Embarrassing? Yes. But it doesn't tell us much we didn't already know. Without an agent, an unsolicited manuscript coming off the street from an unknown author isn't going to be considered for publication. Even agencies and publishing houses that say they accept such manuscripts don't really accept them, if you know what I mean. I suspect the manuscripts were scarcely looked at.

Eyebrows were raised skyward at the rejection of Naipaul's book. Doris Lessing confessed herself "astounded" and Andrew Motion called it "surprising." But was it really such a surprise? Naipaul is a writer with a big reputation, but the point of the experiment was that in this case his reputation did not precede him. The manuscript was not submitted by someone who had won the Nobel Prize, but by a nobody. Should it have been recognized as by Naipaul? Not unless the younger, front-line "readers" had made a study of the man's work. In a Free State was published 35 years ago. It is not a particularly well-known book. I wouldn't have recognized it. And I've never even heard of Middleton.

Should the quality of the writing been recognized? Maybe it was. But our attitudes toward these things changes. As Naipaul admitted when told of what happened, the world has moved on since he wrote In a Free State. What worked as literary fiction then might not be what publishers are looking for now. We like to think good writing has a timeless quality about it, but that's not necessarily true from a publisher's perspective.

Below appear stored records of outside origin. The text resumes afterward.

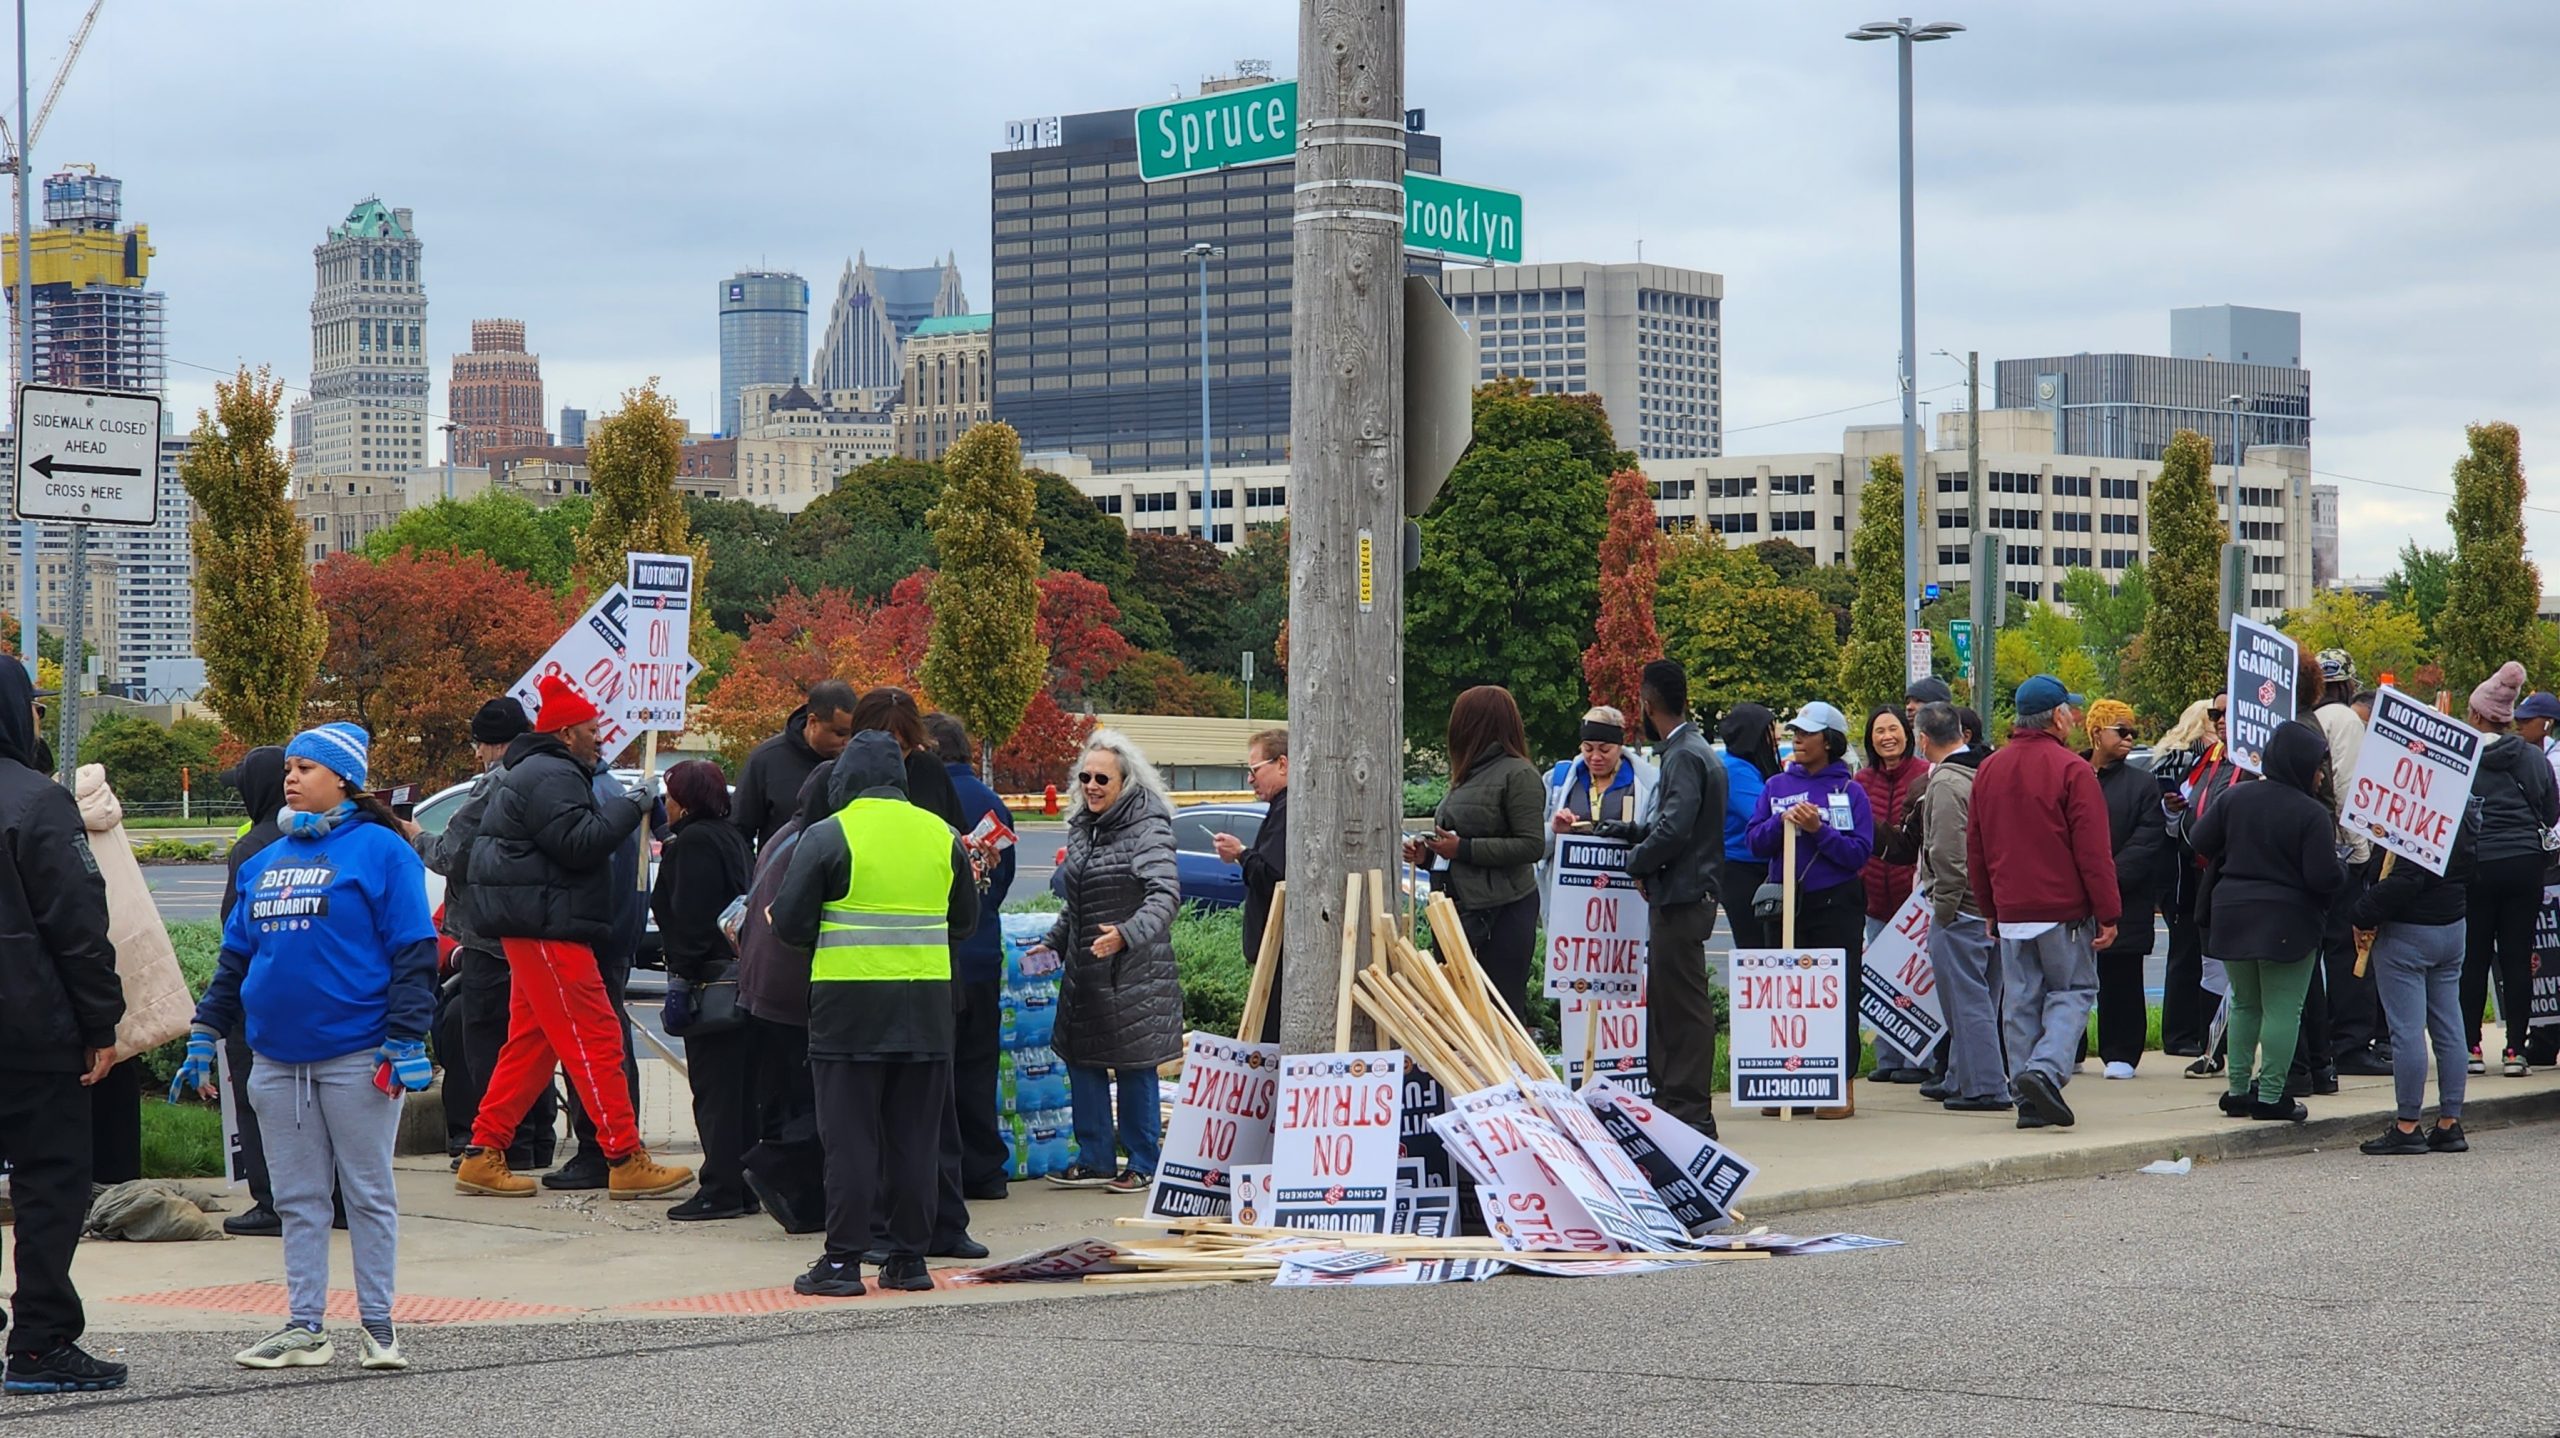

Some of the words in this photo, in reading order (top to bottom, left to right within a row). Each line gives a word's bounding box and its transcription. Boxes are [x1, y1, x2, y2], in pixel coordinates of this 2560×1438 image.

[1005, 116, 1058, 145] DTE
[1159, 98, 1286, 169] Spruce
[1404, 188, 1514, 255] rooklyn
[33, 414, 94, 431] SIDEWALK
[99, 419, 147, 435] CLOSED
[64, 440, 107, 454] AHEAD
[45, 483, 86, 498] CROSS
[91, 486, 123, 500] HERE
[638, 563, 686, 587] MOTORCITY
[633, 598, 655, 607] CASINO
[592, 620, 620, 648] CASINO
[649, 619, 671, 658] ON
[2252, 635, 2283, 661] DON'T
[584, 658, 625, 705] ON
[628, 662, 684, 702] STRIKE
[2238, 649, 2291, 690] GAMBLE
[2238, 700, 2269, 725] WITH
[2387, 701, 2470, 752] MOTORCITY
[2377, 725, 2407, 745] CASINO
[2427, 750, 2468, 773] WORKERS
[2393, 757, 2434, 800] ON
[2354, 777, 2453, 849] STRIKE
[260, 867, 331, 890] DETROIT
[1561, 876, 1591, 885] CASINO
[253, 896, 321, 919] SOLIDARITY
[1585, 897, 1618, 933] ON
[1553, 935, 1640, 975] STRIKE
[1862, 966, 1896, 997] WORKERS
[1896, 952, 1937, 997] ON
[1738, 975, 1839, 1010] STRIKE
[1601, 1013, 1638, 1050] ON
[1770, 1014, 1807, 1049] ON
[1910, 1007, 1937, 1029] CASINO
[1182, 1063, 1276, 1121] STRIKE
[1747, 1078, 1830, 1097] MOTORCITY
[1283, 1084, 1394, 1129] STRIKE
[1198, 1116, 1237, 1162] ON
[1312, 1133, 1353, 1177] ON
[1165, 1165, 1203, 1179] WORKERS
[1690, 1148, 1712, 1176] CASINO
[1279, 1191, 1323, 1199] WORKERS
[1346, 1190, 1384, 1198] CASINO
[1285, 1213, 1376, 1233] MOTORCITY

There are a lot of great books that aren't in print anymore.

Of course this perspective is anti-art. The Times story quotes critics who "say the publishing industry has become obsessed with celebrity authors and 'bright marketable young things' at the expense of serious writers." But those bright young things are marketable, and that's what counts. And so the forces of promotion and celebrity becomes a circle of self-fulfilling prophecy. Or, as another British commentator had it this week in the Guardian:

"The absence of surprise [in publishing] should perhaps not be surprising, because the way bookselling is organised increasingly serves to eliminate it. . . . In horse-racing terms, the book trade is a bizarre inverted handicap in which the runners with pedigree and form gain all the advantages, while the outsiders have extra weights heaped on their backs."

So no, it's not surprising. But it's something to keep in mind the next time you read another predictable end-of-the-year "best of" list, or another diatribe by the powers-that-be about the size of the slush pile and the vanity of the great unpublished. The problem is not that there are too many books being published. The problem is that too many aren't.